Base class for representing a wrapped Document AI Page element (Symbol, Token, Line, Paragraph, Block).

Properties

_text_segment

Page element text segment.

hocr_bounding_box

hOCR bounding box of the page element.

text

Text of the page element.

Methods

_get_children_of_element

_get_children_of_element(
    potential_children: typing.List[
        google.cloud.documentai_toolbox.wrappers.page._BasePageElement
    ],
) -> typing.List[google.cloud.documentai_toolbox.wrappers.page._BasePageElement]

Filters potential child elements to identify only those fully contained within this element.

This method iterates through a list of potential child elements, checking if their start and end indices fall completely within the start and end indices of this element.
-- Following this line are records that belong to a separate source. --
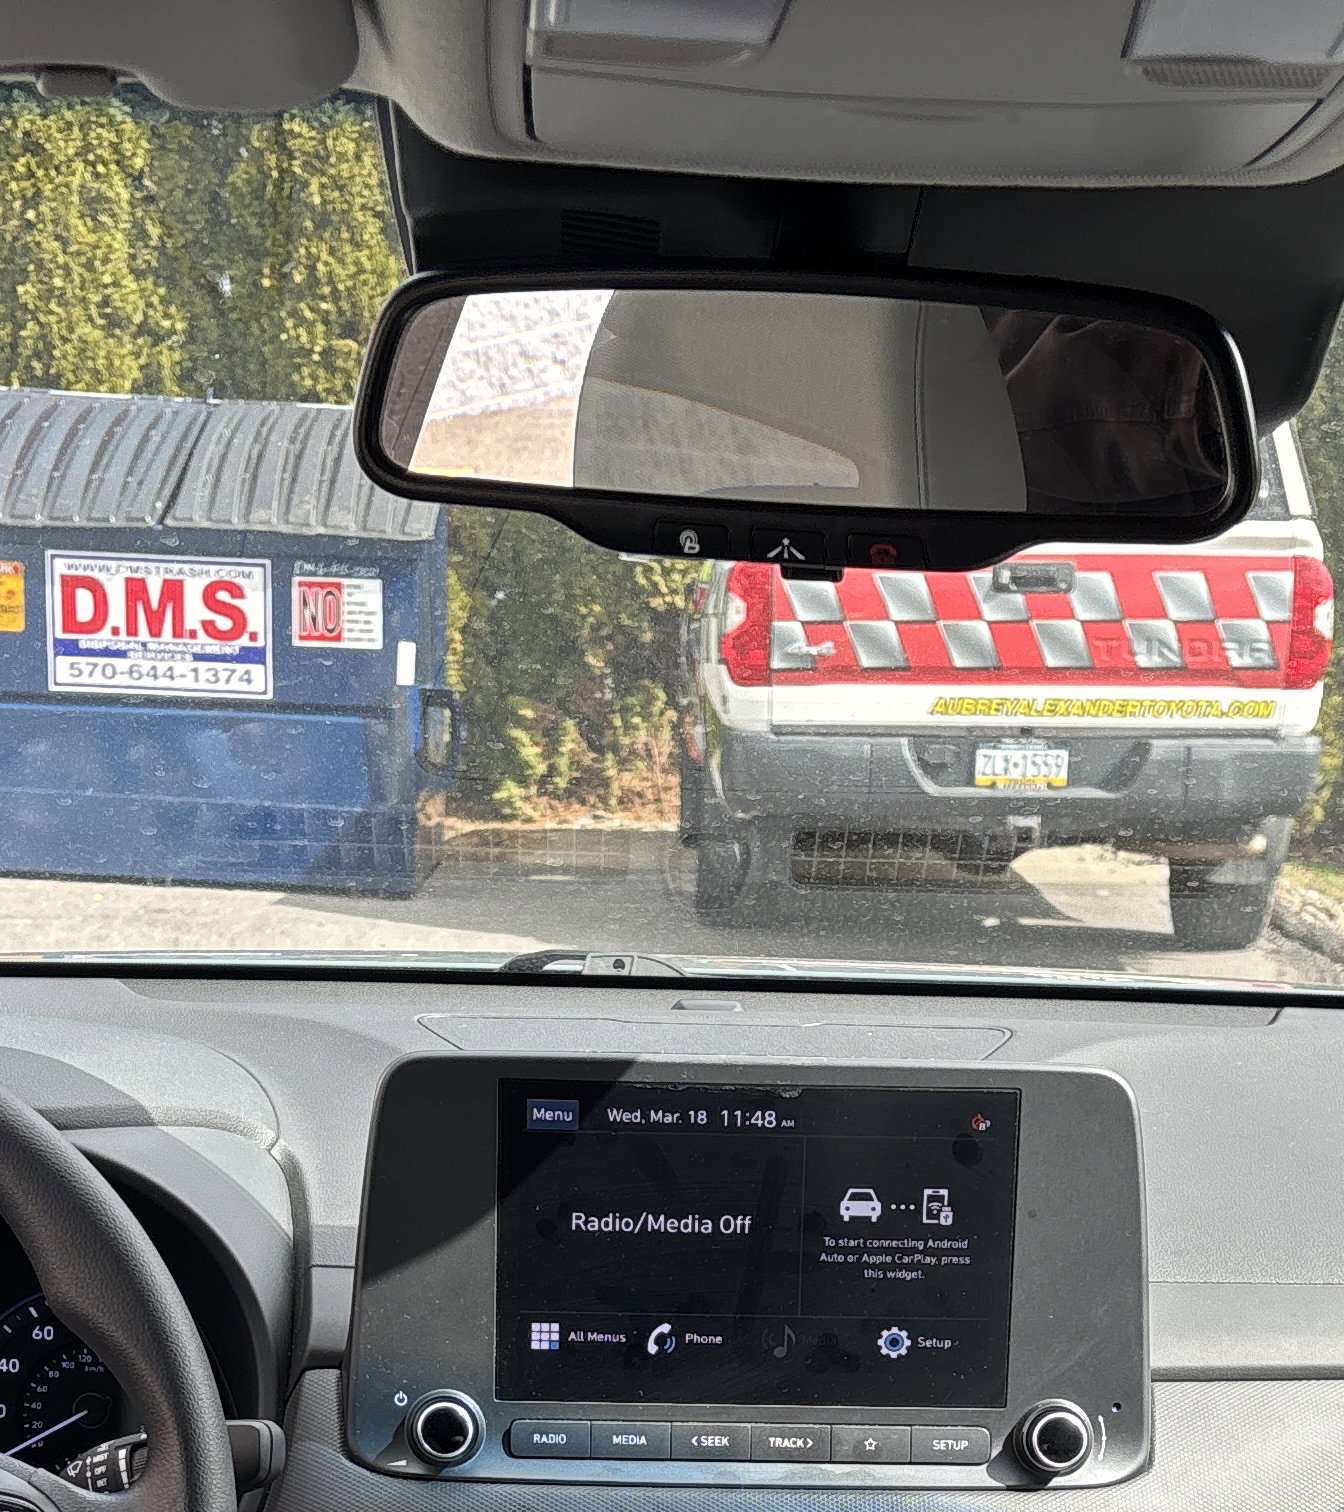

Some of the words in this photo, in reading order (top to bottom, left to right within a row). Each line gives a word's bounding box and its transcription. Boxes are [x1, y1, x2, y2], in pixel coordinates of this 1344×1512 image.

[60, 574, 259, 643] D.M.S.
[298, 586, 342, 638] NO
[68, 661, 255, 686] 570-644-1374
[929, 696, 1279, 720] AUBREYALEXANDERTOYOTA.COM
[532, 1107, 573, 1121] Menu
[607, 1107, 646, 1125] Wed,
[650, 1109, 683, 1124] Mar.
[689, 1110, 707, 1125] 18
[720, 1110, 777, 1128] 11:48
[781, 1119, 795, 1128] AM
[571, 1211, 713, 1235] Radio/Media
[719, 1214, 753, 1235] Off
[823, 1236, 836, 1247] To
[838, 1237, 864, 1248] start
[866, 1237, 924, 1250] connecting
[926, 1238, 969, 1250] Android
[819, 1252, 844, 1263] Auto
[847, 1254, 859, 1263] or
[861, 1253, 893, 1265] Apple
[940, 1255, 971, 1266] press
[864, 1268, 884, 1279] this
[886, 1269, 926, 1281] widget.
[32, 1325, 54, 1340] 60
[568, 1331, 585, 1342] All
[587, 1331, 627, 1343] Menus
[685, 1332, 723, 1344] Phone
[917, 1336, 952, 1349] Setup
[533, 1433, 567, 1445] RADIO
[612, 1434, 647, 1446] MEDIA
[932, 1438, 969, 1451] SETUP
Elements that are only partially contained or entirely outside this element's range are excluded.

Parameter
Name Description
potential_children List[_BasePageElement]

Required. A list of wrapped page elements (e.g., words, lines, paragraphs) that could potentially be children of this element.

Returns
Type Description
List[_BasePageElement] A new list containing only the wrapped page elements that are fully contained within this element, maintaining their original order.